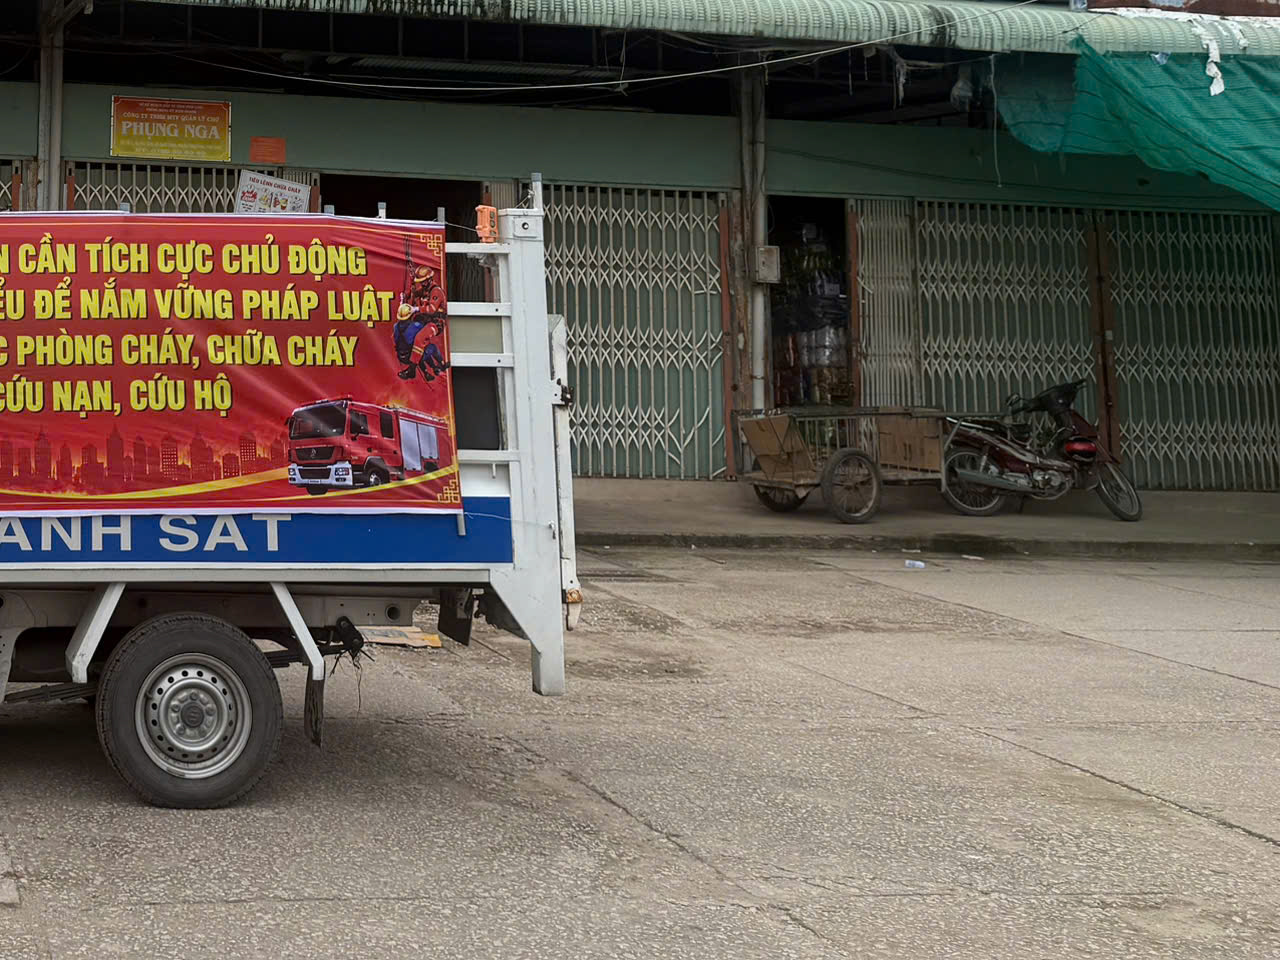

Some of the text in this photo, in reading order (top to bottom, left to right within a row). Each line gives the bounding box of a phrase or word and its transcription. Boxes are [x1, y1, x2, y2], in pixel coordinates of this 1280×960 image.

[121, 121, 221, 140] PHỤNG NGA
[19, 233, 76, 273] CẦN
[85, 236, 149, 273] TÍCH
[157, 240, 214, 280] CỰC
[222, 234, 279, 274] CHỦ
[288, 238, 367, 281] ĐỘNG
[34, 276, 72, 320] ĐỂ
[80, 278, 148, 319] NẮM
[154, 282, 233, 319] VỮNG
[243, 283, 319, 320] PHÁP
[327, 284, 394, 327] LUẬT
[17, 328, 113, 366] PHÒNG
[121, 328, 200, 369] CHÁY,
[207, 329, 281, 366] CHỮA
[288, 330, 358, 366] CHÁY
[53, 380, 121, 417] NẠN,
[130, 373, 186, 411] CỨU
[194, 373, 232, 417] HỘ

◆ What you are asked to do
Repeat the material above word for word and skip every image in it.

◆ Solution
Some of the text in this photo, in reading order (top to bottom, left to right within a row). Each line gives the bounding box of a phrase or word and its transcription. Boxes are [x1, y1, x2, y2], in pixel coordinates of this 1280×960 image.

[121, 121, 221, 140] PHỤNG NGA
[19, 233, 76, 273] CẦN
[85, 236, 149, 273] TÍCH
[157, 240, 214, 280] CỰC
[222, 234, 279, 274] CHỦ
[288, 238, 367, 281] ĐỘNG
[34, 276, 72, 320] ĐỂ
[80, 278, 148, 319] NẮM
[154, 282, 233, 319] VỮNG
[243, 283, 319, 320] PHÁP
[327, 284, 394, 327] LUẬT
[17, 328, 113, 366] PHÒNG
[121, 328, 200, 369] CHÁY,
[207, 329, 281, 366] CHỮA
[288, 330, 358, 366] CHÁY
[53, 380, 121, 417] NẠN,
[130, 373, 186, 411] CỨU
[194, 373, 232, 417] HỘ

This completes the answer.